So You Want to Marry My Daughter?

Why this book now?

Taken from the book’s introduction

The other day my daughter came to me quite concerned about her future. At seventeen she was on the cusp of completing her high school education and dreaming about the next phase of her life, which may or may not include marriage. Her concern was that the man she may one day marry might not have had the same values and upbringing that she had enjoyed. I was startled at her concerns and yet immensely proud at her thinking process. She realised that she had inherited something beautiful, good, valuable, and that she was neither ready nor willing to surrender it. 

What was this inheritance? It was the value of a deep and real faith, hope and love rooted in relationship with the God of all creation, received by grace through faith in Jesus Christ who proclaimed that reconciliation to the Father (and, as a result, to others) was only possible through Him. This relationship had transformed her very being and was reflected in all aspects of her character, attitudes, actions and life choices, including that of marriage.

As a married father of three daughters, I have deliberately raised them to know and follow God wherever and however they choose to live. Contrary to popular thinking in this post-truth society, I believe that as a clear-thinking, level-headed father who has chosen a life of surrender to love (as revealed through Jesus), it is my responsibility to equip and release my daughters into the world secure in my love, and clear on their identities and destinies. I know that every father’s effect on his children—for good or evil—has lasting impact.

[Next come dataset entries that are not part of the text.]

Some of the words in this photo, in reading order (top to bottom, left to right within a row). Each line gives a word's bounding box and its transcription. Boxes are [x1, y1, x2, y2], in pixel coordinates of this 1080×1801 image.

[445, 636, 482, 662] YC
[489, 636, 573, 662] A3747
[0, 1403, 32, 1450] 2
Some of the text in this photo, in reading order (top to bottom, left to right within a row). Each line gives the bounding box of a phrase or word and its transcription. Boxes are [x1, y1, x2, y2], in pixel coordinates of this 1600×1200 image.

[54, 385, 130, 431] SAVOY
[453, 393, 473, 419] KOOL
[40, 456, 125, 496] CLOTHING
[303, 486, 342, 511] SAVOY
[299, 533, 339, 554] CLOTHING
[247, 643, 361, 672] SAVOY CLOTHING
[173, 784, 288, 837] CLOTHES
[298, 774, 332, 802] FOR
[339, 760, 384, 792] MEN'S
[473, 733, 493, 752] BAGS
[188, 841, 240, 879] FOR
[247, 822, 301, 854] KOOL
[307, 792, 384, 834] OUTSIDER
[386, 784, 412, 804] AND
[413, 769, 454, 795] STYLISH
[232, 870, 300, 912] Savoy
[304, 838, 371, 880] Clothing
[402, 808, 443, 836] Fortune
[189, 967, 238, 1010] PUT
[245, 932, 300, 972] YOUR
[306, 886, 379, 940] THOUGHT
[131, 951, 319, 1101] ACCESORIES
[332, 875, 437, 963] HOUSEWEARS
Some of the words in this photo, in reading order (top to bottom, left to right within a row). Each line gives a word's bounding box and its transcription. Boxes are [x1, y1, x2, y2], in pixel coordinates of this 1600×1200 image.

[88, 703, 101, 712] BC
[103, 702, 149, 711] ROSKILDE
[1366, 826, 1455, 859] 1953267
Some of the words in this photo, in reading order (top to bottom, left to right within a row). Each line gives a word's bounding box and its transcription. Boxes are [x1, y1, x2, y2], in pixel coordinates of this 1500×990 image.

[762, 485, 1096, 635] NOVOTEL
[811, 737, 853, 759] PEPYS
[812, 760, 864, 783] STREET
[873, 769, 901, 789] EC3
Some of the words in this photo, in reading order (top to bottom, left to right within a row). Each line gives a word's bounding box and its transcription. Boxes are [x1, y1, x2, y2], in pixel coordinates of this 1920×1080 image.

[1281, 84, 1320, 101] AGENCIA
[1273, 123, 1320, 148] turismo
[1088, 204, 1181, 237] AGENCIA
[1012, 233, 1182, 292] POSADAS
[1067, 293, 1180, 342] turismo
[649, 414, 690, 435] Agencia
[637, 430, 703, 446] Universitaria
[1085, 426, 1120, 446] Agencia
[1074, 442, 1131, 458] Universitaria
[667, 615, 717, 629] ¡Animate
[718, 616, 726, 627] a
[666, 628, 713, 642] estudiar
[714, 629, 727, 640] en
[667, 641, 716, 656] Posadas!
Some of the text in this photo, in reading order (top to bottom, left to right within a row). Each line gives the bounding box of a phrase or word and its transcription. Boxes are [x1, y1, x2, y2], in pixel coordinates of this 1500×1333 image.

Children raised by such loving fathers will be confident children knowing who they are and where they are going. They will experience great success, usually becoming natural leaders. This is the kind of woman I unapologetically raised.

Returning to my daughter’s concern. Given how the world is going, it is increasingly unlikely that my daughter will commit to a man with a similar upbringing. It is in response to this question that I write this book which started as a simple letter to my future son. My hope is that many lives and marriages may be encouraged, guided, perhaps even transformed by its stories and principles. 

Generally guys struggle to articulate their thoughts and even fewer keep a journal. Journaling is a learned skill that keeps you focused of your mission. I have incorporated blank pages so that you can write down your thoughts as you grapple with the text. There will be questions and exercises to help you with the various tasks that you will encounter along the journey. Don’t be afraid to write in the book. Underline and highlight portions of it as you feel it relates to you. This is not a textbook; it’s your personalised field guide, and it should include your own story. 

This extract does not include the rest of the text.